• PROBLEM DESCRIPTION: Take the line with "Some of the text" and every line after it in the data. Transcribe them exactly, through the last.

(Saved entries)
_ _ _ _

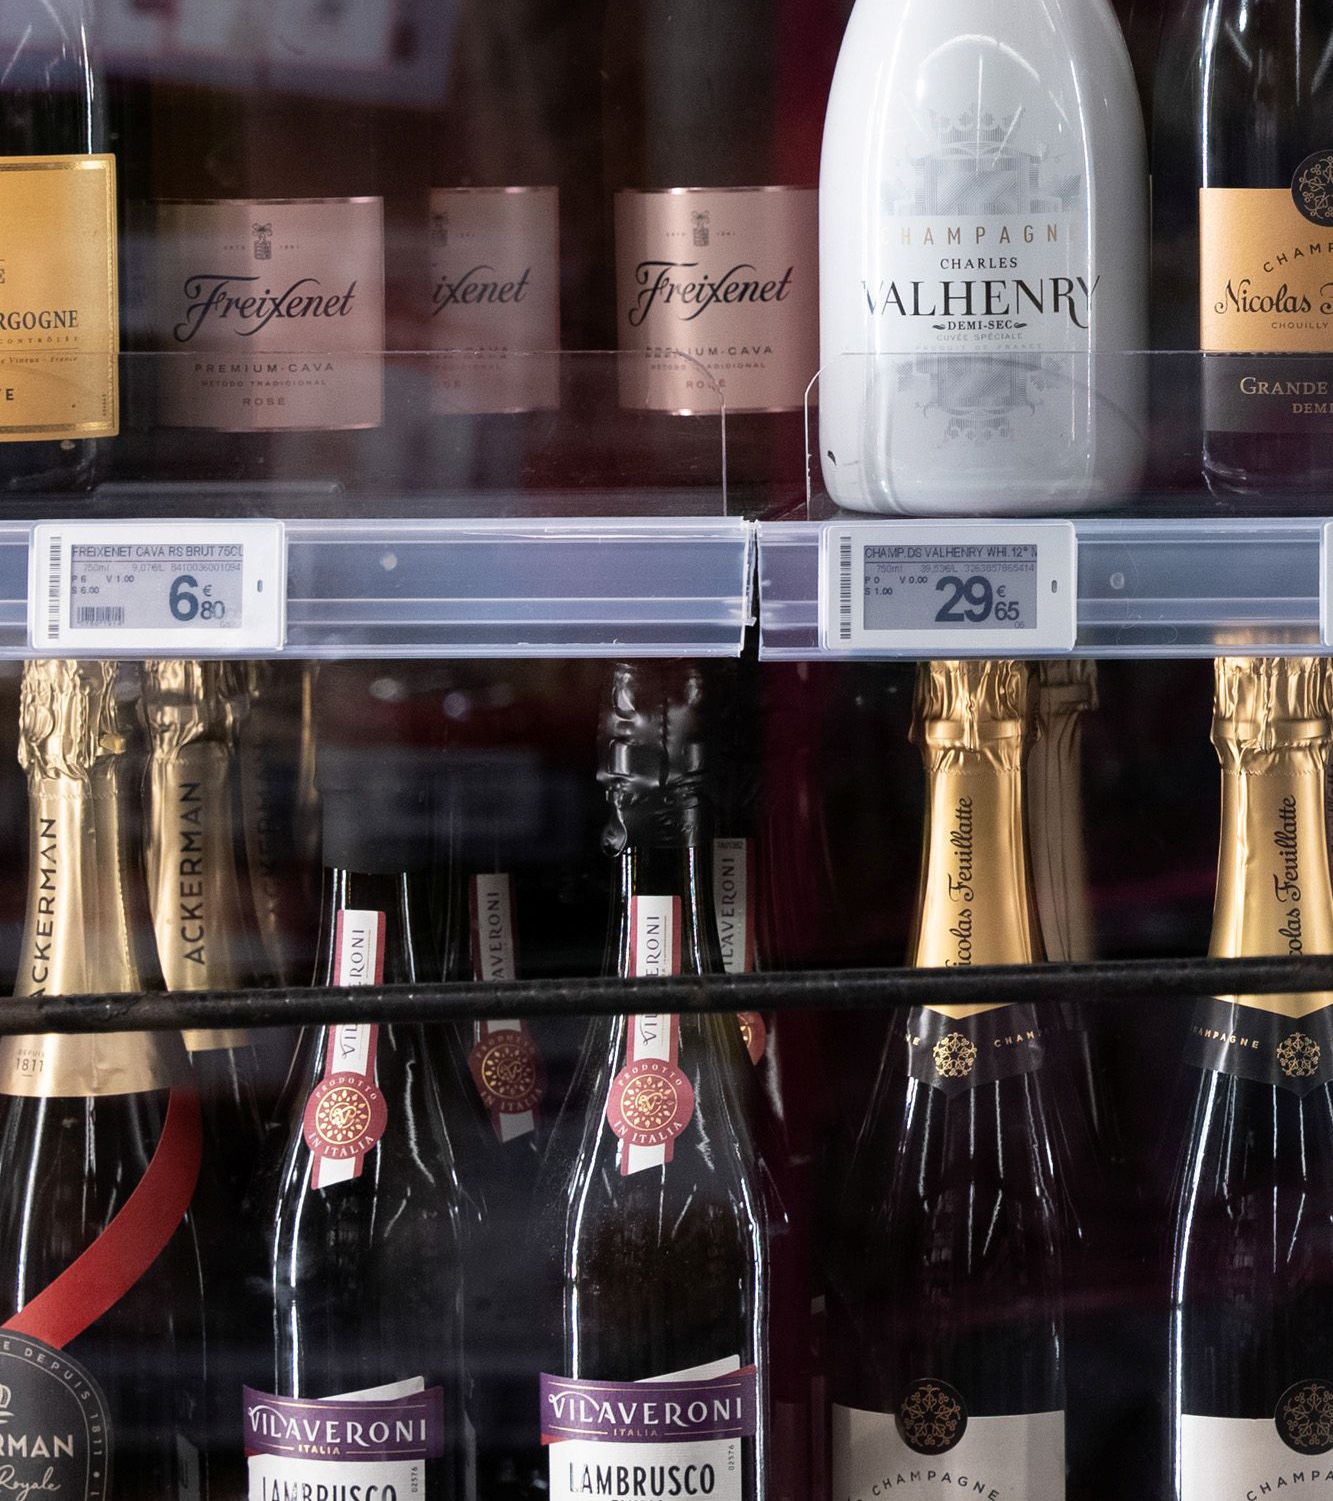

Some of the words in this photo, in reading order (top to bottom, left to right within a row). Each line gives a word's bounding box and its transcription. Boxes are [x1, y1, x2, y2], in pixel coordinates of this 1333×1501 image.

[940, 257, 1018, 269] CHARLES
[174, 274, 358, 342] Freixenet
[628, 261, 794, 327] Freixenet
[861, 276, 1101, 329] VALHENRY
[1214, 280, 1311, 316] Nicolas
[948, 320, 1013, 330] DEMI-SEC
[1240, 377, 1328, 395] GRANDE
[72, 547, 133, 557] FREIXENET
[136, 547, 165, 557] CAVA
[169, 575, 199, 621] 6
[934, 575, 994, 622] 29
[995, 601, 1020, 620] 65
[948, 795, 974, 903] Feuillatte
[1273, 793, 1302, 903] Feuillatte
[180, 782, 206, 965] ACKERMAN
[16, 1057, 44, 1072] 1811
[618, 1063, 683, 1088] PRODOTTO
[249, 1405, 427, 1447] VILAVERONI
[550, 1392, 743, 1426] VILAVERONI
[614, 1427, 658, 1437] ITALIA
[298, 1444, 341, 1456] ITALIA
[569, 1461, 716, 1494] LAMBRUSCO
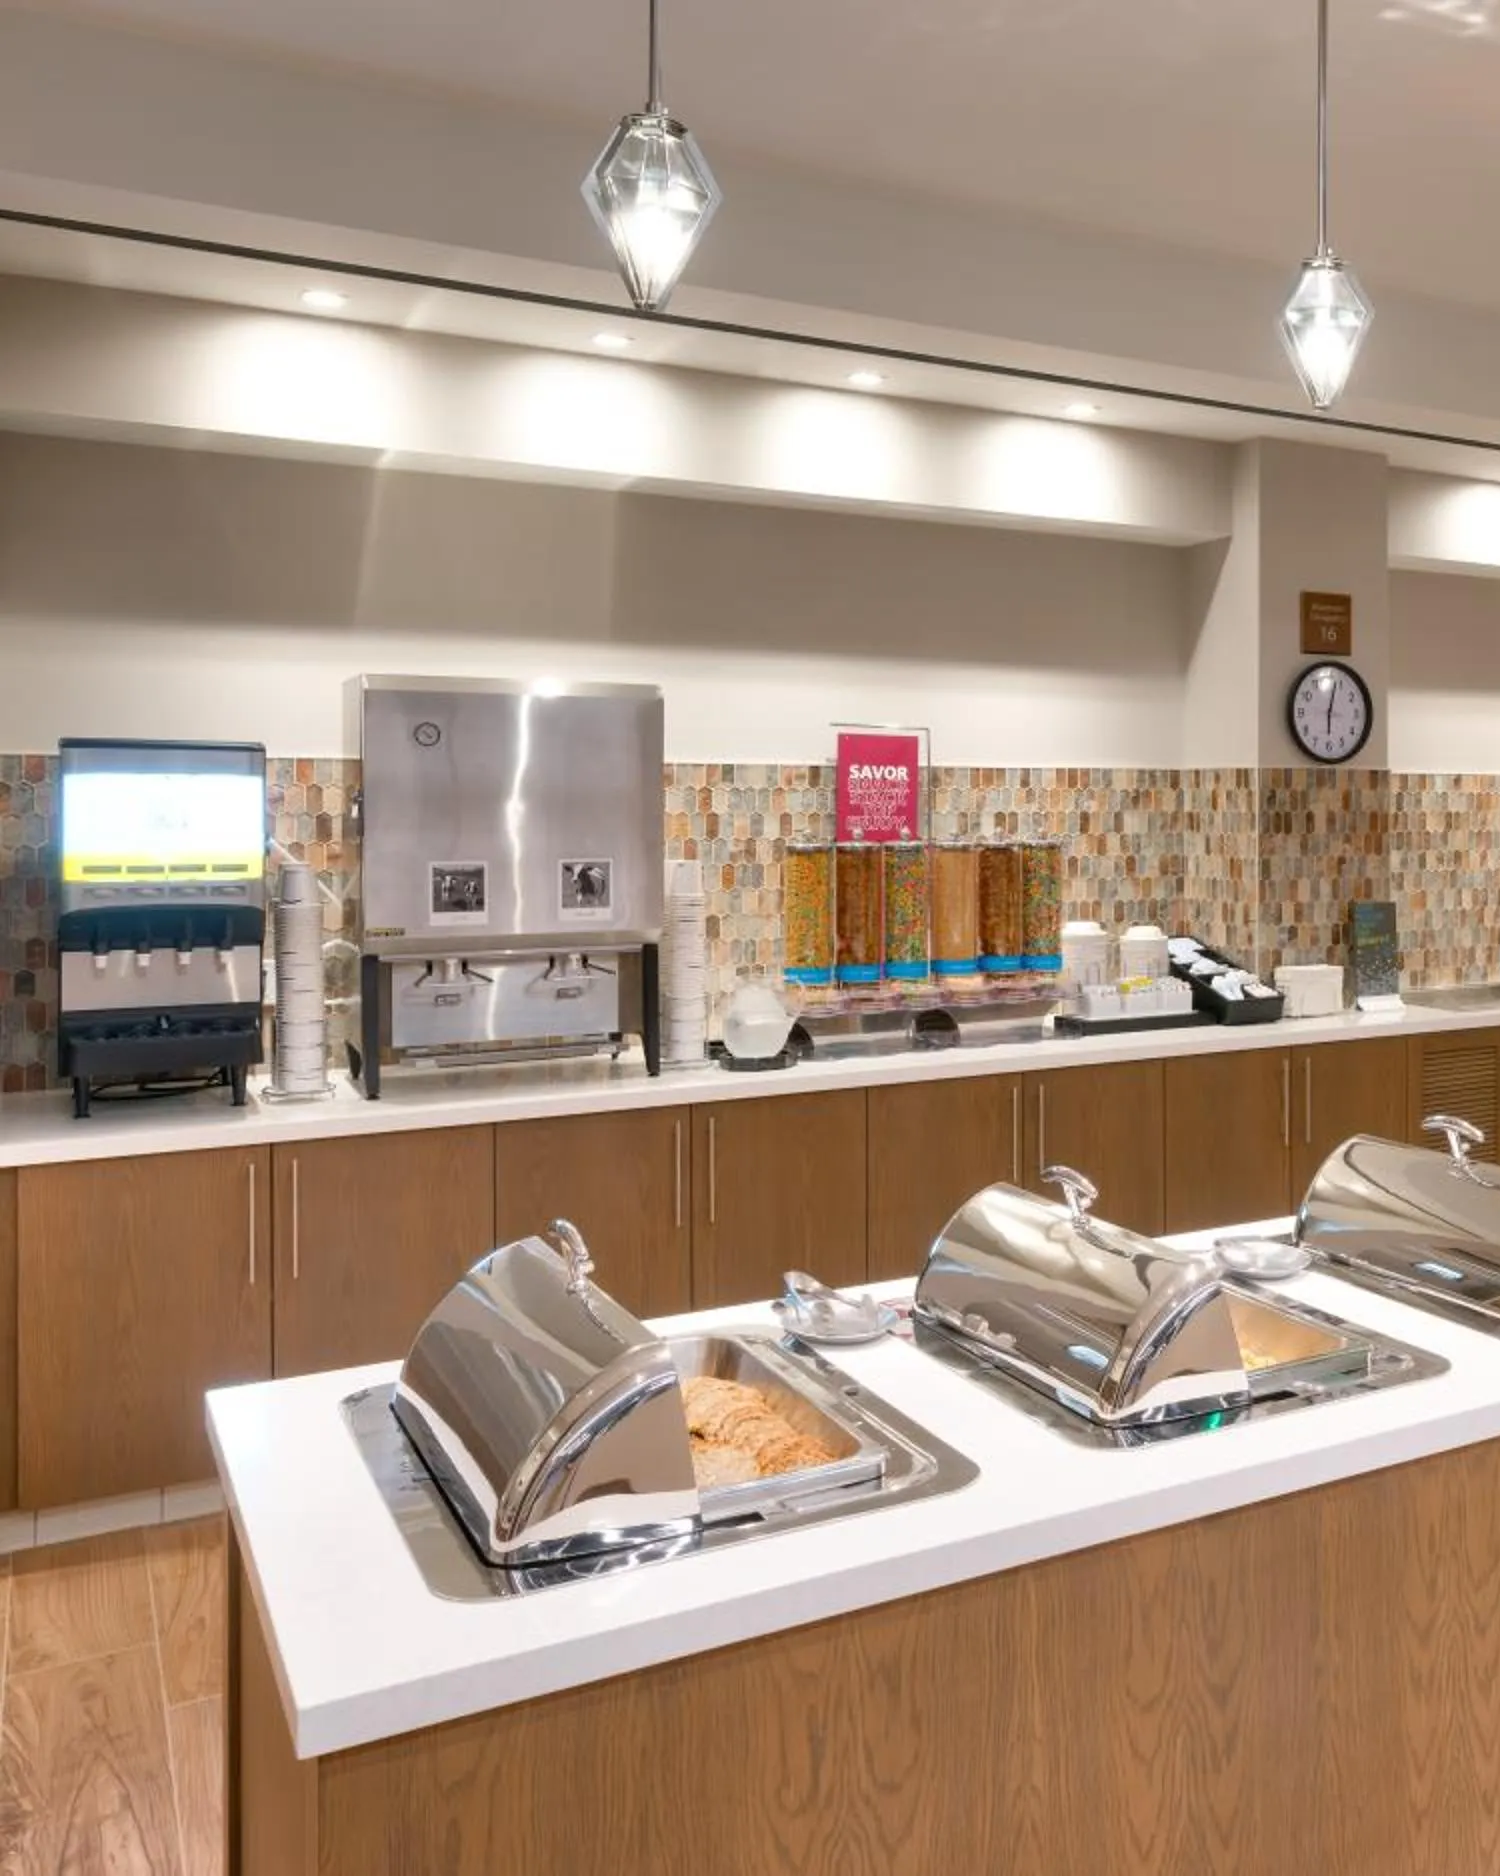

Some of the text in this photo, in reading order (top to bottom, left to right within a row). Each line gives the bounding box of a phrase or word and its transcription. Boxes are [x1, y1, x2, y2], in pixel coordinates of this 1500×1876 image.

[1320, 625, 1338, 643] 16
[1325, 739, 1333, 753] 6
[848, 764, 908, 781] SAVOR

_ _ _ _

• WORKED SOLUTION:
Some of the text in this photo, in reading order (top to bottom, left to right within a row). Each line gives the bounding box of a phrase or word and its transcription. Boxes are [x1, y1, x2, y2], in pixel coordinates of this 1500×1876 image.

[1320, 625, 1338, 643] 16
[1325, 739, 1333, 753] 6
[848, 764, 908, 781] SAVOR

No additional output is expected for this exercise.